# How to complete this task:
Return each line, exactly as given, from the one containing "Some of the words" through the end of the entries below, and skip the rest.

# Material shown:
━━━

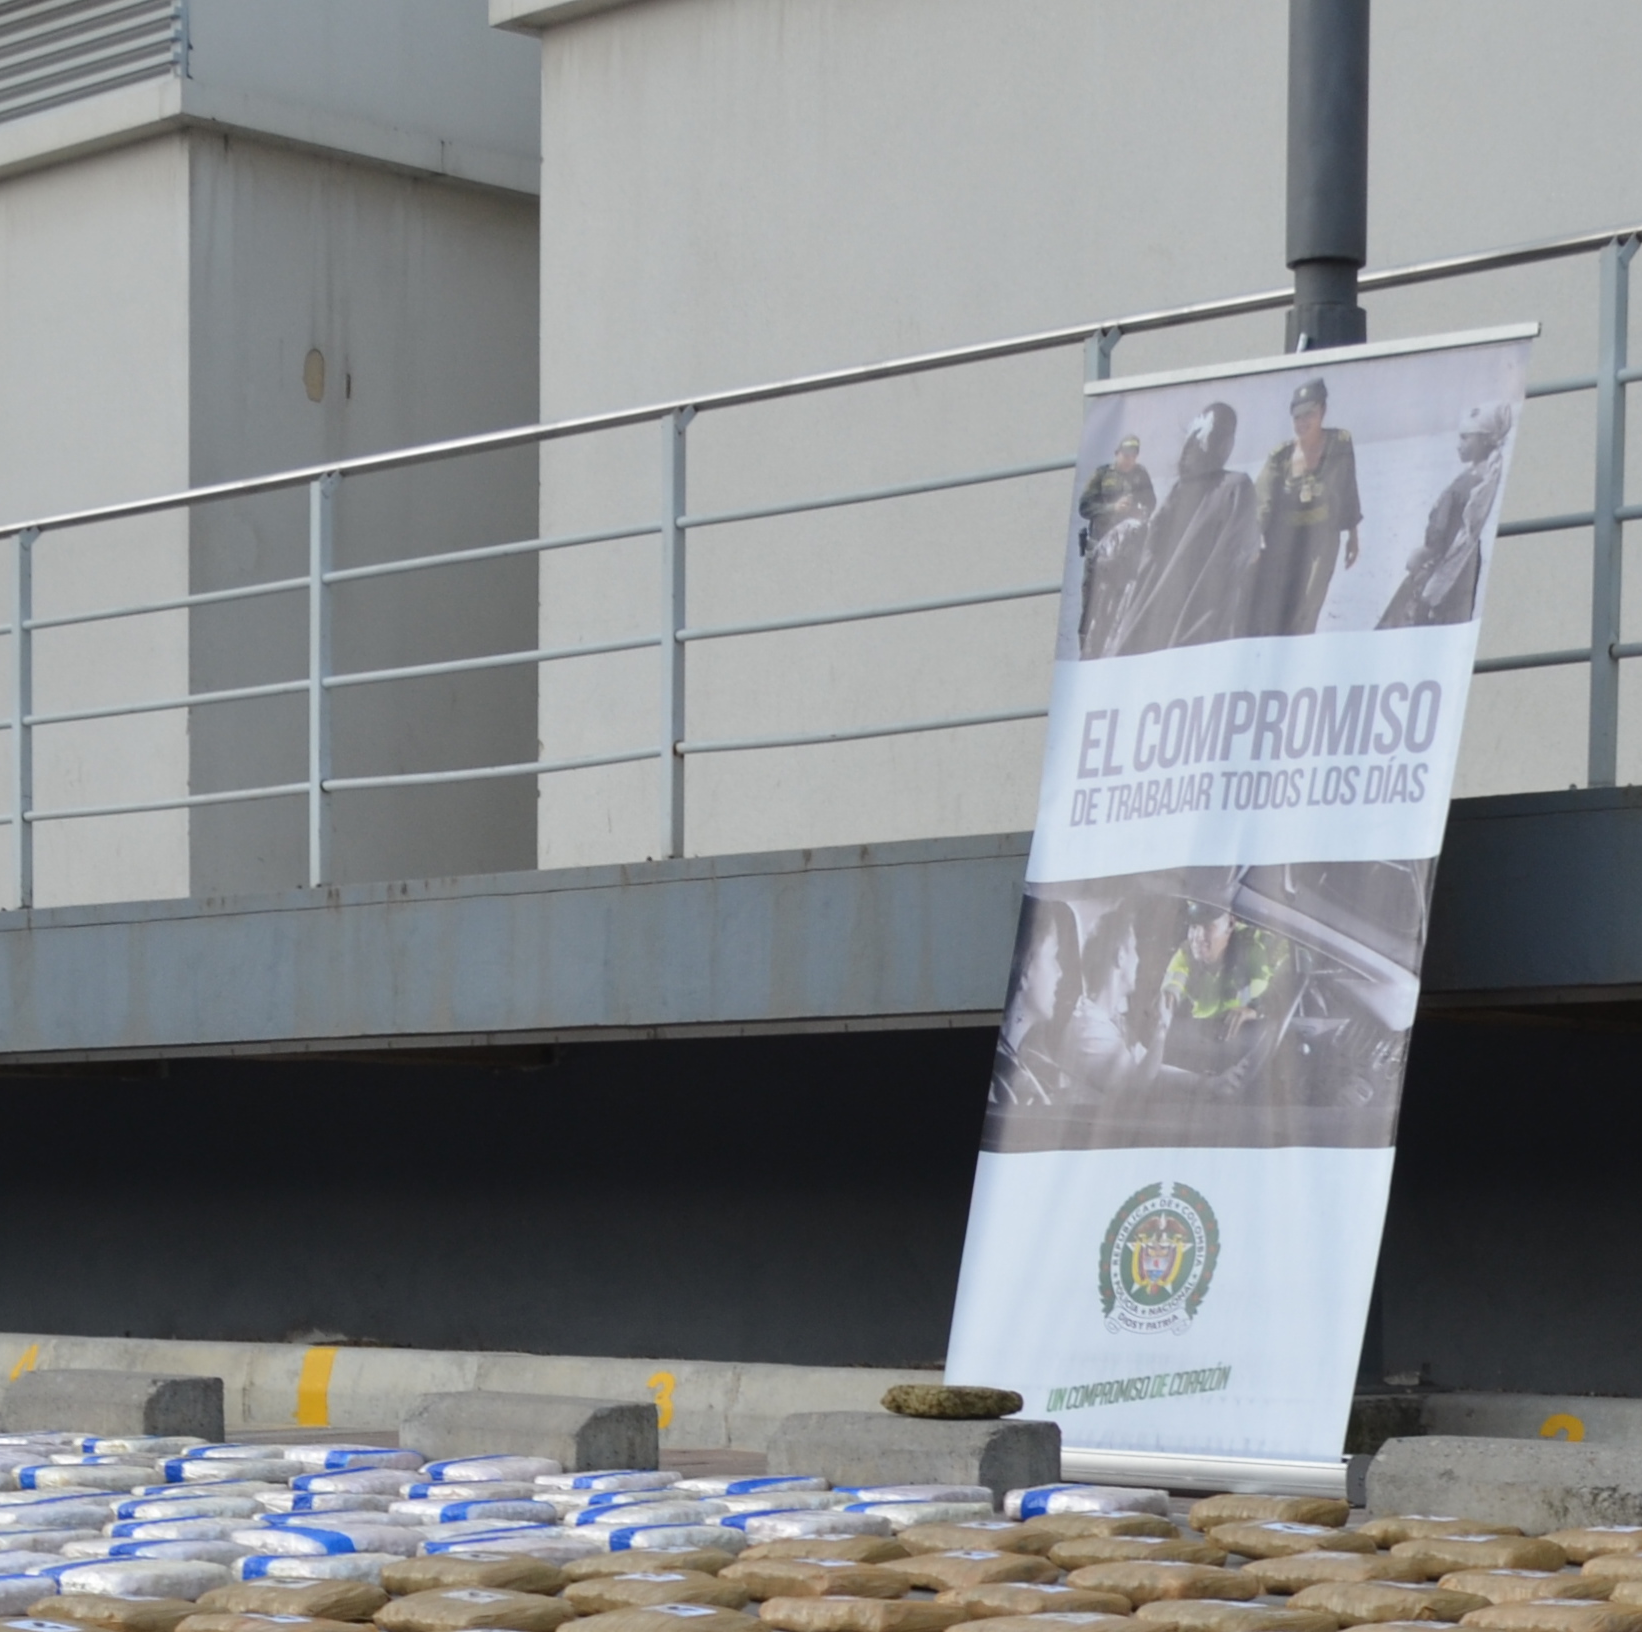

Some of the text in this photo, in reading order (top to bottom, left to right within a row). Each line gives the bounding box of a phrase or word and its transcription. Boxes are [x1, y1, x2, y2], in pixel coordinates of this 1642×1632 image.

[1077, 680, 1442, 779] EL COMPROMISO
[1070, 755, 1429, 827] DE TRABAJAR TODOS LOS DÍAS
[1159, 1199, 1173, 1208] DE
[1181, 1206, 1205, 1267] COLOMBIA
[1146, 1313, 1179, 1331] PATRIA
[1148, 1282, 1195, 1316] NACIONAL
[647, 1371, 676, 1430] 3
[1046, 1361, 1232, 1413] UN COMPROMISO DE CORAZÓN
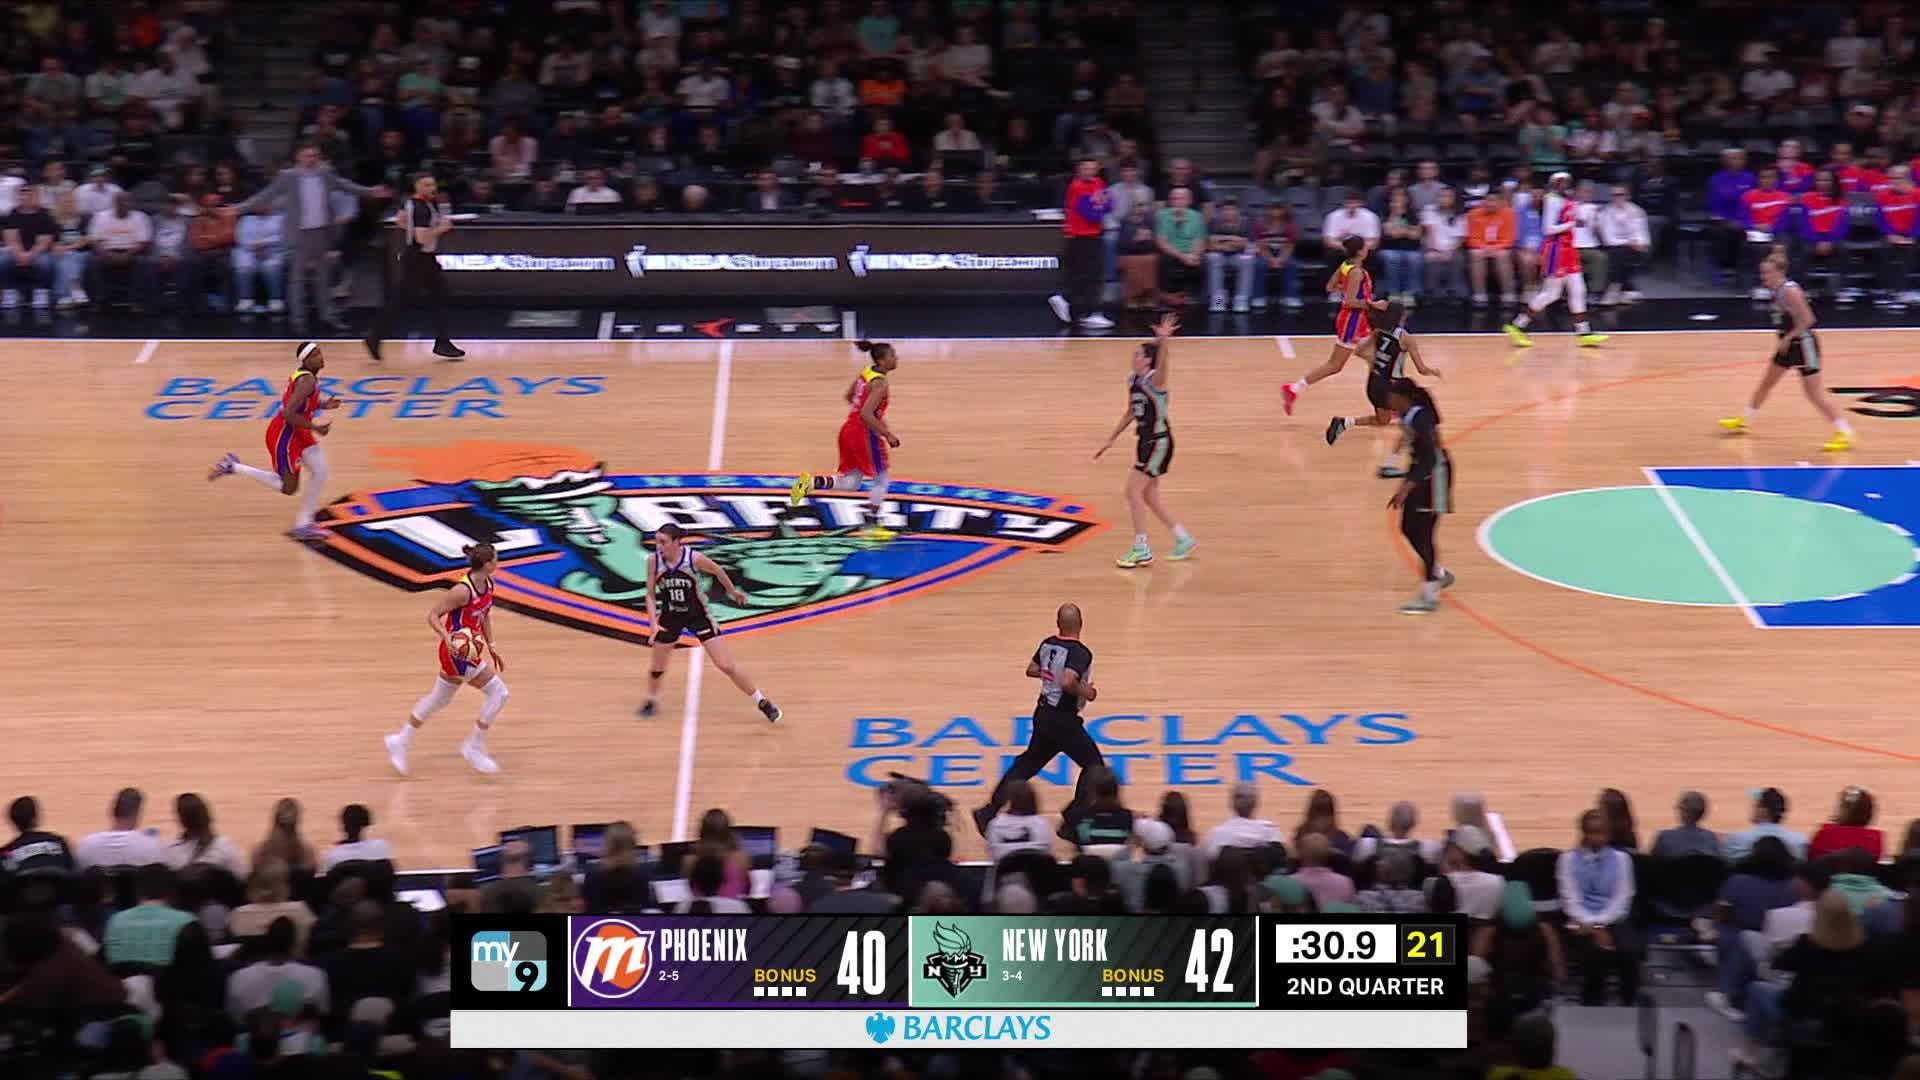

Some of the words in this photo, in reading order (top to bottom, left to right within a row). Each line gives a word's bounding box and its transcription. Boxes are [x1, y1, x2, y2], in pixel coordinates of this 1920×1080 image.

[157, 376, 606, 397] BARCLAYS
[641, 475, 796, 487] NEW
[669, 589, 685, 602] 18

━━━

# Exercise response:
Some of the words in this photo, in reading order (top to bottom, left to right within a row). Each line gives a word's bounding box and its transcription. Boxes are [x1, y1, x2, y2], in pixel coordinates of this 1920×1080 image.

[157, 376, 606, 397] BARCLAYS
[641, 475, 796, 487] NEW
[669, 589, 685, 602] 18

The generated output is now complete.